Each entry below is to be reproduced exactly, though any pictures it holds must be omitted.

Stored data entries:
::::::::

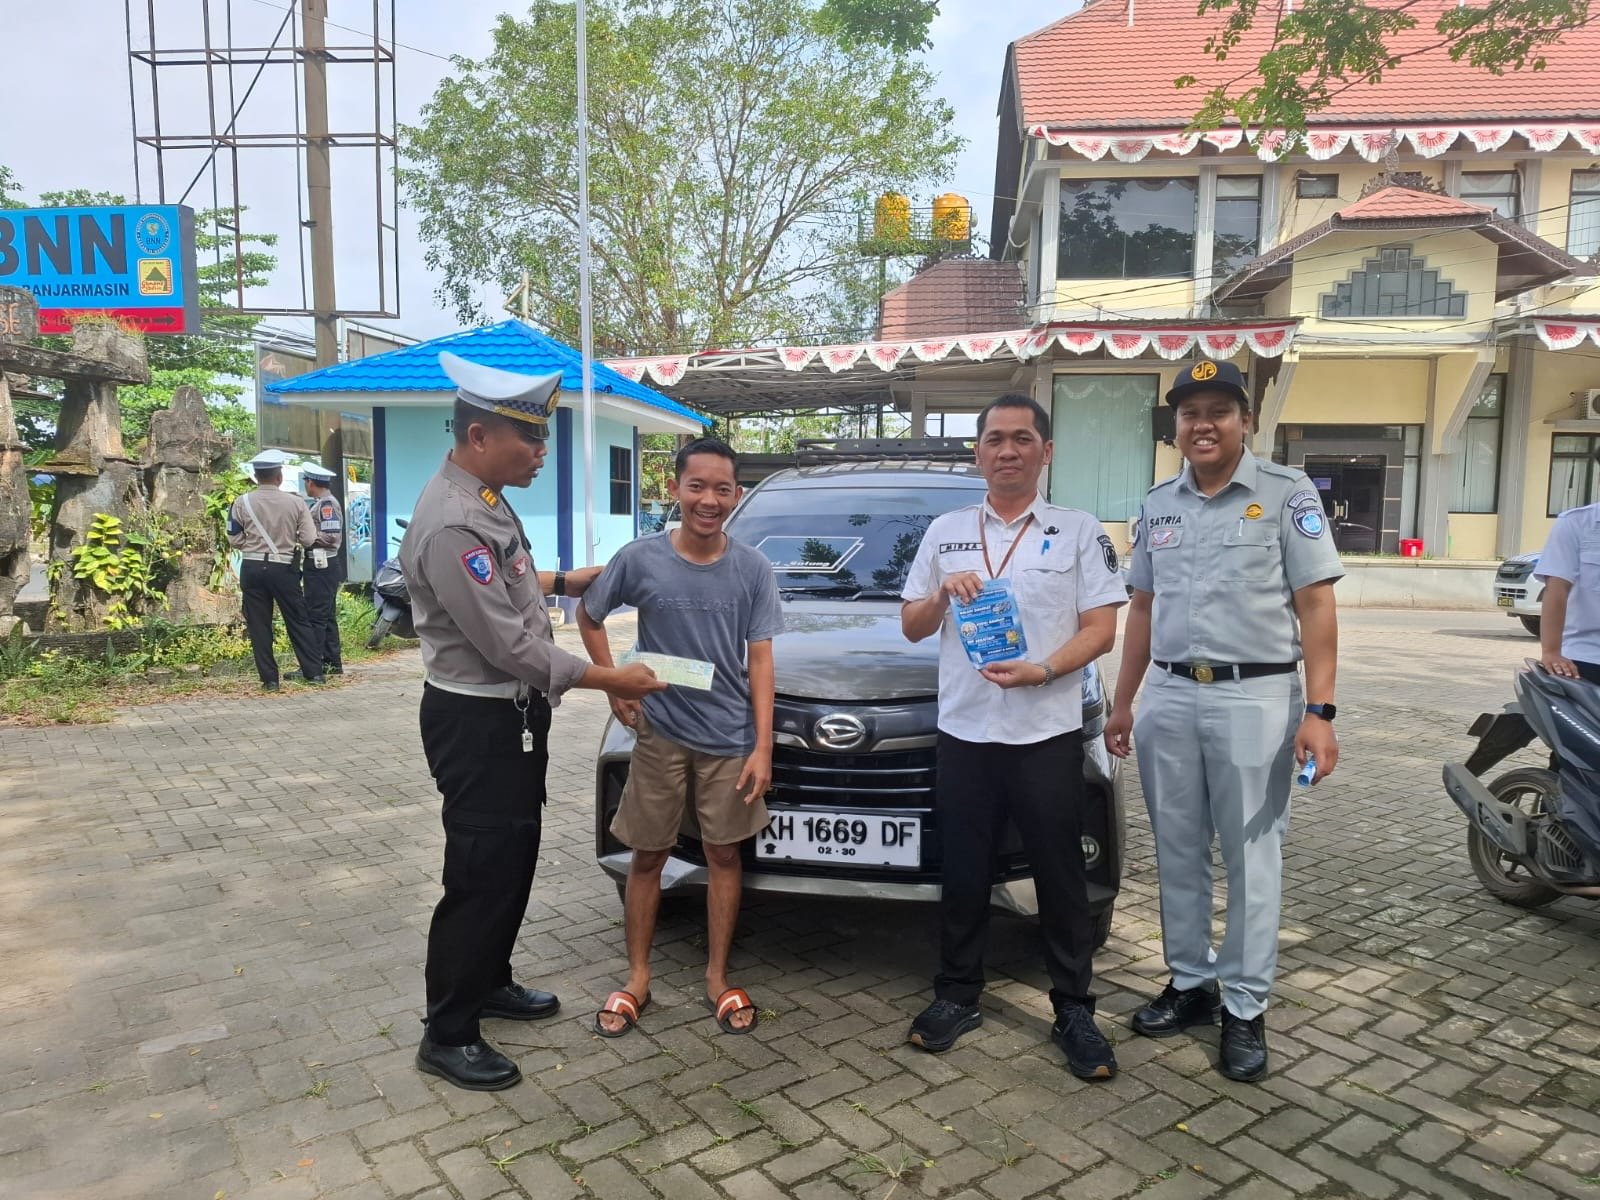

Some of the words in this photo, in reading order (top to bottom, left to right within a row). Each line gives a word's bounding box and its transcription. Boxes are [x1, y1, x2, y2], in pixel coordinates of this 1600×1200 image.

[1149, 515, 1182, 529] SATRIA
[761, 815, 794, 841] KH
[803, 817, 867, 846] 1669
[881, 821, 916, 847] DF
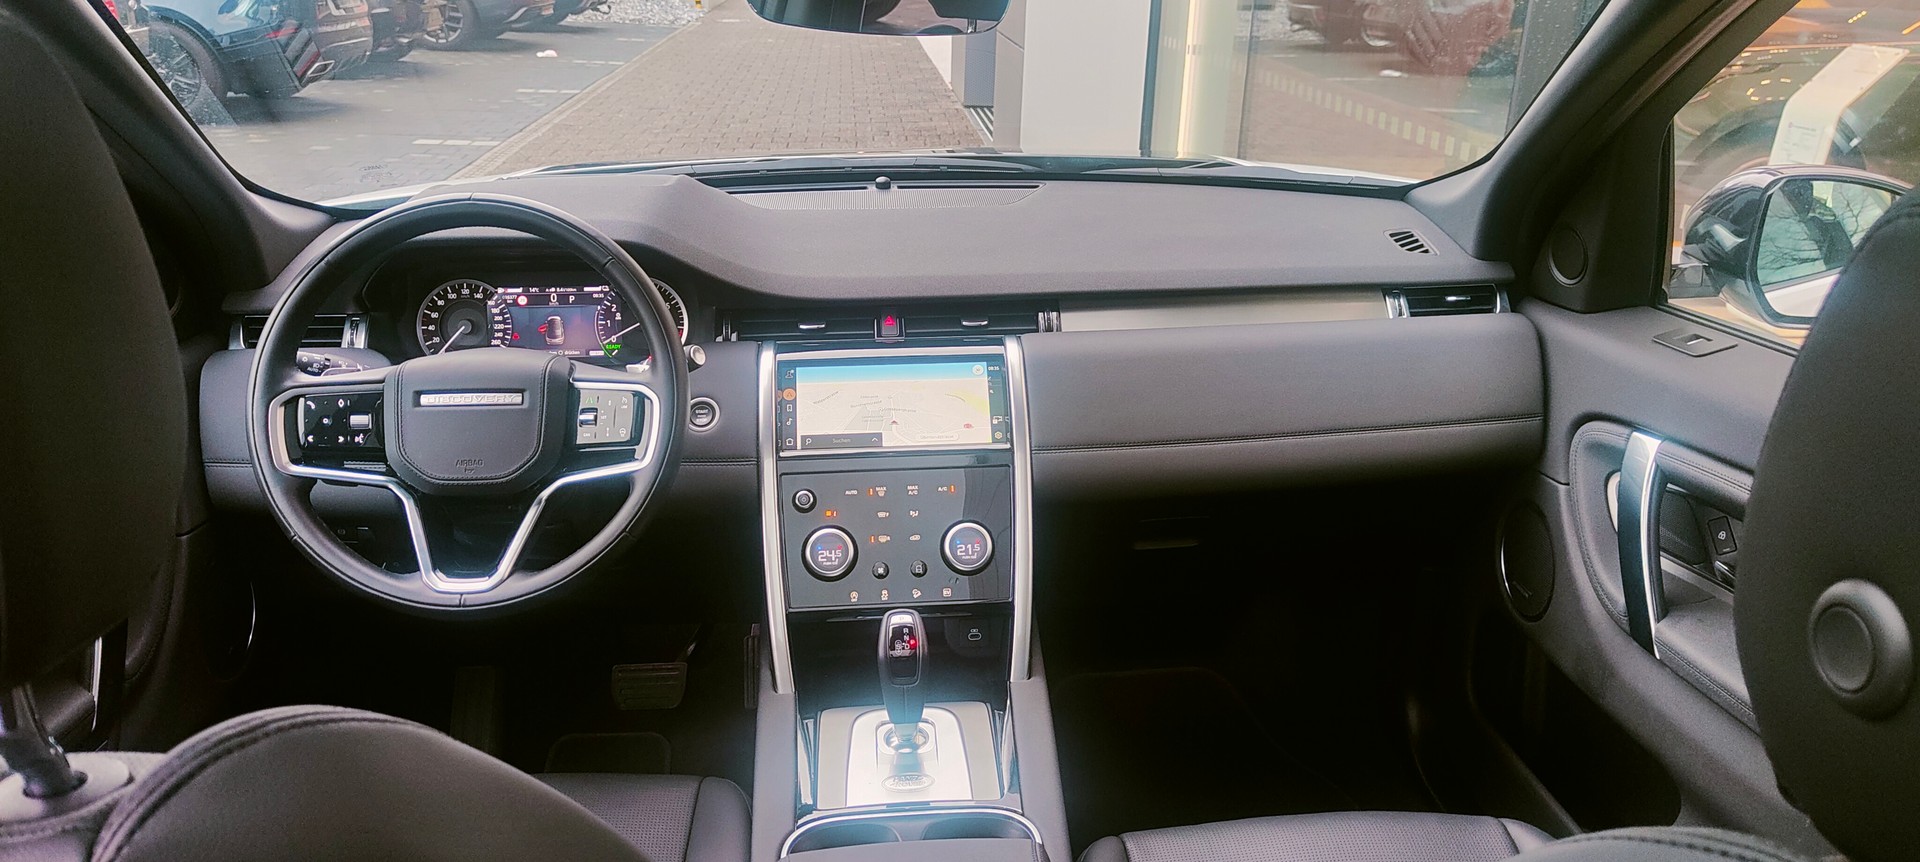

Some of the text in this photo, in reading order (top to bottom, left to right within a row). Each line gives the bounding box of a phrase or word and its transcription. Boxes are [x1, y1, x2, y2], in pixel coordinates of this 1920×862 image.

[550, 293, 557, 302] 0
[569, 295, 575, 303] P
[957, 544, 980, 555] 21.5
[818, 550, 842, 561] 24.5
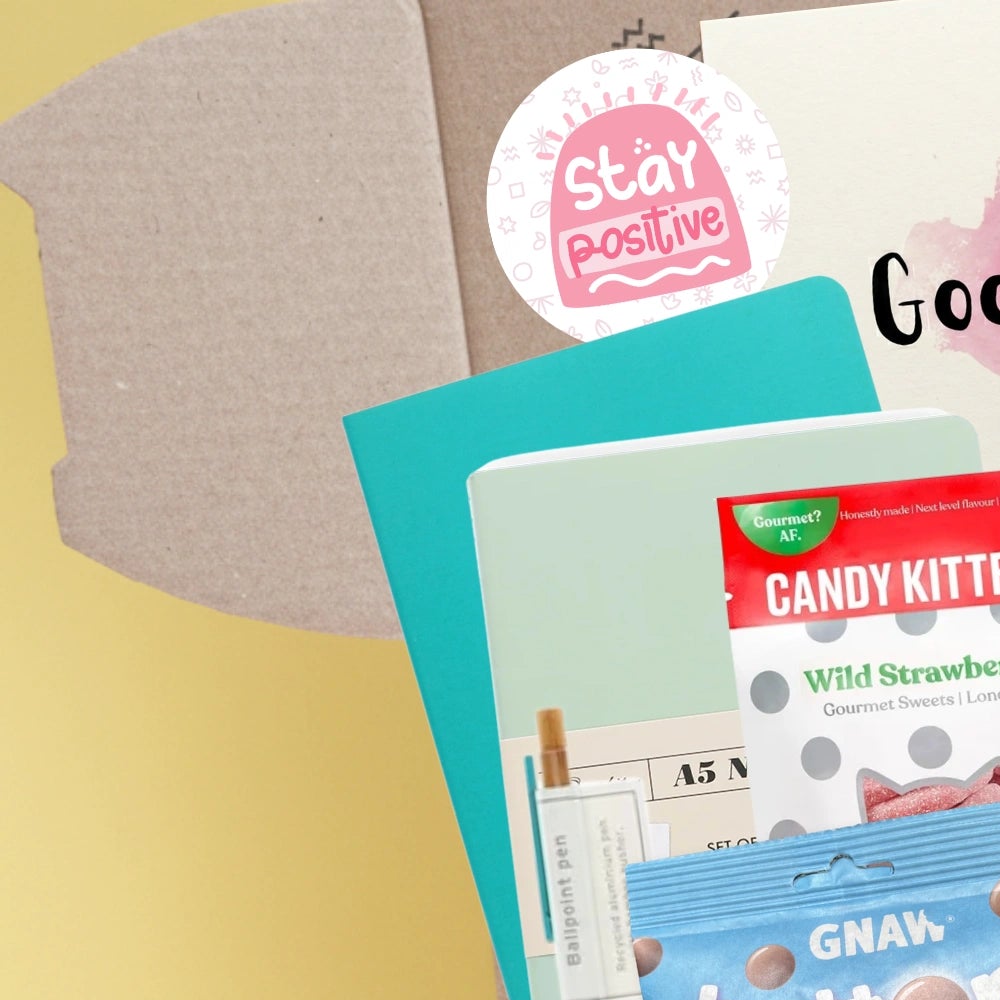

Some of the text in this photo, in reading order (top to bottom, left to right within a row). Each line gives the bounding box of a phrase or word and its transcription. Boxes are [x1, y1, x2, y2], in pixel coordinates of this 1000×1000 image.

[566, 205, 724, 278] positive
[753, 509, 822, 529] Gourmet?
[840, 508, 883, 521] Honestly
[883, 504, 910, 516] made
[915, 503, 938, 513] Next
[939, 500, 960, 512] level
[962, 499, 996, 509] flavour
[779, 529, 802, 543] AF.
[765, 562, 892, 617] CANDY
[803, 663, 873, 694] Wild
[823, 699, 895, 717] Gourmet
[898, 693, 955, 710] Sweets
[673, 759, 716, 788] A5
[707, 840, 731, 851] SET
[553, 834, 582, 967] Ballpoint pen
[809, 909, 945, 960] GNAW

::::::::

## Your solution
Some of the words in this photo, in reading order (top to bottom, left to right within a row). Each line gives a word's bounding box and its transcription. Boxes are [x1, y1, x2, y2], in pixel coordinates of this 1600×1200 image.

[1149, 515, 1182, 529] SATRIA
[761, 815, 794, 841] KH
[803, 817, 867, 846] 1669
[881, 821, 916, 847] DF

Some of the text in this photo, in reading order (top to bottom, left to right within a row). Each line gives the bounding box of a phrase or word and its transcription. Boxes are [x1, y1, x2, y2], in pixel coordinates of this 1920×862 image.

[550, 293, 557, 302] 0
[569, 295, 575, 303] P
[957, 544, 980, 555] 21.5
[818, 550, 842, 561] 24.5

Some of the text in this photo, in reading order (top to bottom, left to right within a row). Each line gives the bounding box of a phrase or word and its transcription. Boxes are [x1, y1, x2, y2], in pixel coordinates of this 1000×1000 image.

[566, 205, 724, 278] positive
[753, 509, 822, 529] Gourmet?
[840, 508, 883, 521] Honestly
[883, 504, 910, 516] made
[915, 503, 938, 513] Next
[939, 500, 960, 512] level
[962, 499, 996, 509] flavour
[779, 529, 802, 543] AF.
[765, 562, 892, 617] CANDY
[803, 663, 873, 694] Wild
[823, 699, 895, 717] Gourmet
[898, 693, 955, 710] Sweets
[673, 759, 716, 788] A5
[707, 840, 731, 851] SET
[553, 834, 582, 967] Ballpoint pen
[809, 909, 945, 960] GNAW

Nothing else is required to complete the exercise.